START Records for this task

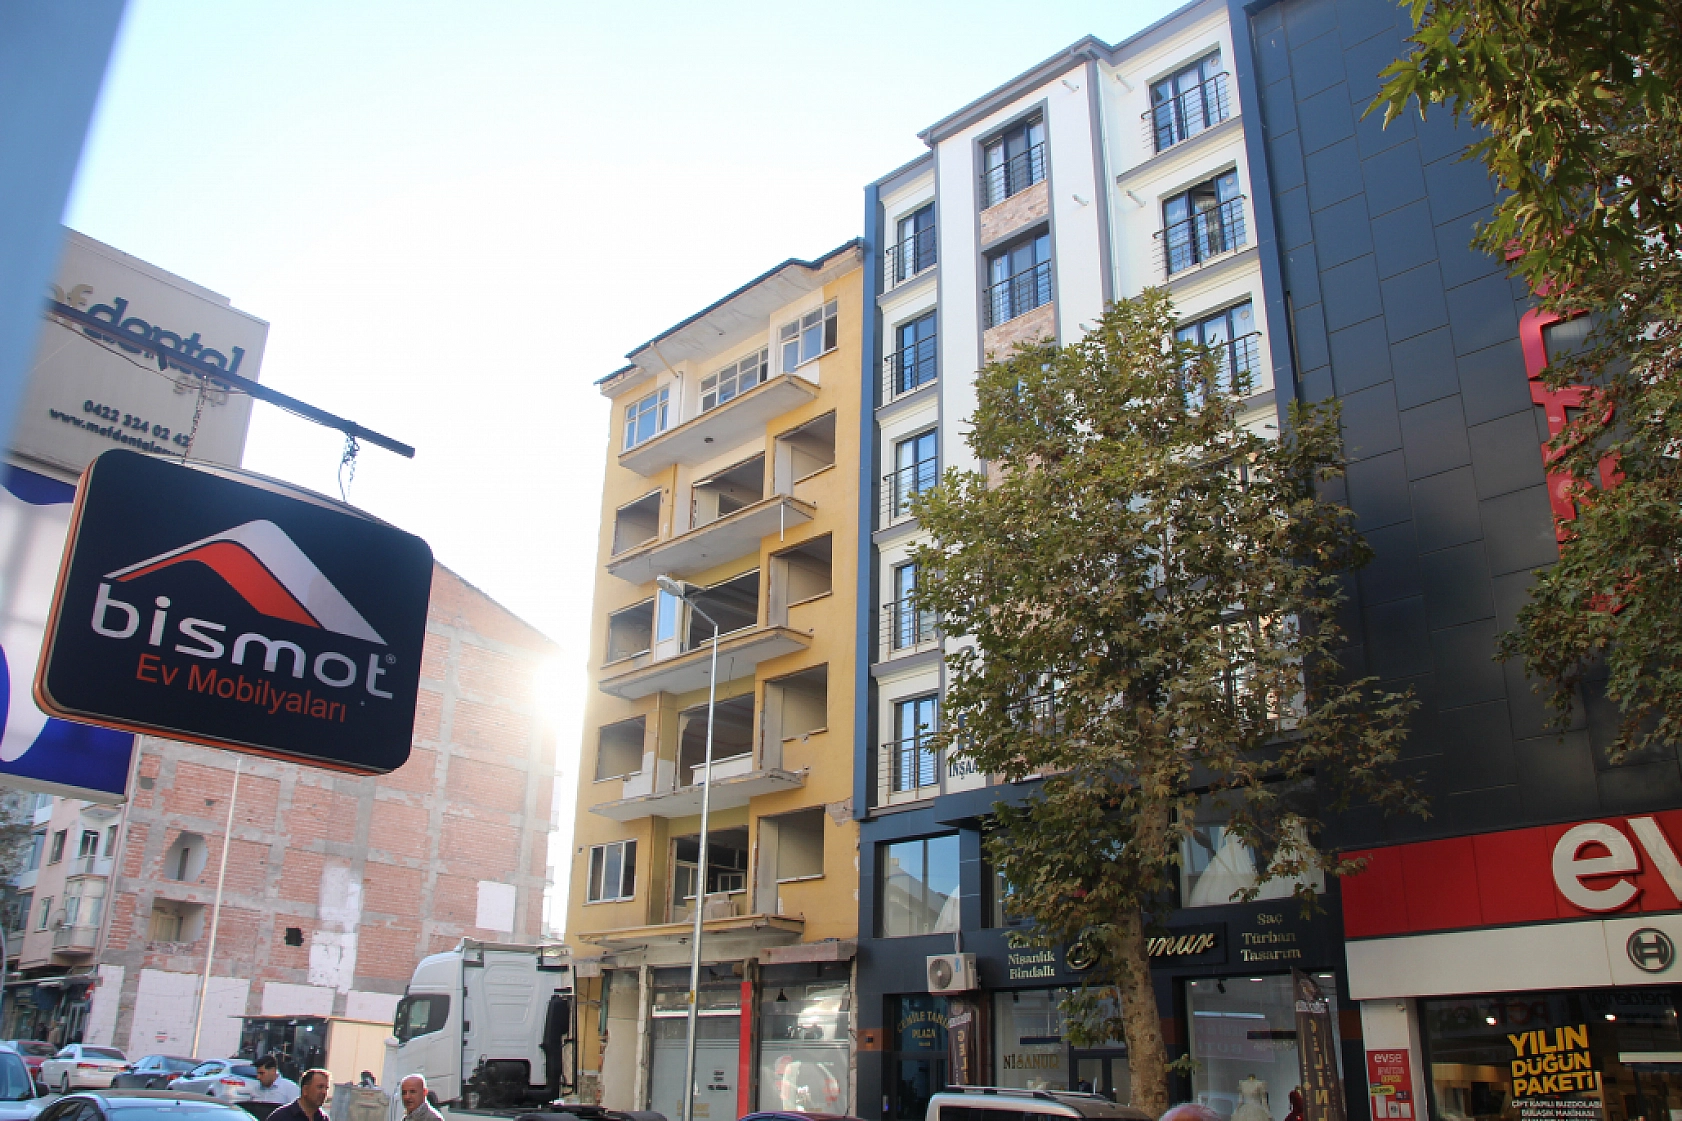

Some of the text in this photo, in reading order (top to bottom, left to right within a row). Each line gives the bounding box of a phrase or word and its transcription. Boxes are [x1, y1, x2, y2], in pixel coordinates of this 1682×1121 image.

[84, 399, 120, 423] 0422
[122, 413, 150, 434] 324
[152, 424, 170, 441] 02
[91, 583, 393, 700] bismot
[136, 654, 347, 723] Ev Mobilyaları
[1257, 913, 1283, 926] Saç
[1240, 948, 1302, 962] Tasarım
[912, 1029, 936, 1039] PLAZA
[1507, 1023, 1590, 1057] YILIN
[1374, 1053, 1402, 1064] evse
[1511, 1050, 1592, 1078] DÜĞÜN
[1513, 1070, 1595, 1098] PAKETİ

END Records for this task

■ How to complete this task: With the pictures removed, print the entries above exactly.

■ Completed exercise:
Some of the text in this photo, in reading order (top to bottom, left to right within a row). Each line gives the bounding box of a phrase or word and its transcription. Boxes are [x1, y1, x2, y2], in pixel coordinates of this 1682×1121 image.

[84, 399, 120, 423] 0422
[122, 413, 150, 434] 324
[152, 424, 170, 441] 02
[91, 583, 393, 700] bismot
[136, 654, 347, 723] Ev Mobilyaları
[1257, 913, 1283, 926] Saç
[1240, 948, 1302, 962] Tasarım
[912, 1029, 936, 1039] PLAZA
[1507, 1023, 1590, 1057] YILIN
[1374, 1053, 1402, 1064] evse
[1511, 1050, 1592, 1078] DÜĞÜN
[1513, 1070, 1595, 1098] PAKETİ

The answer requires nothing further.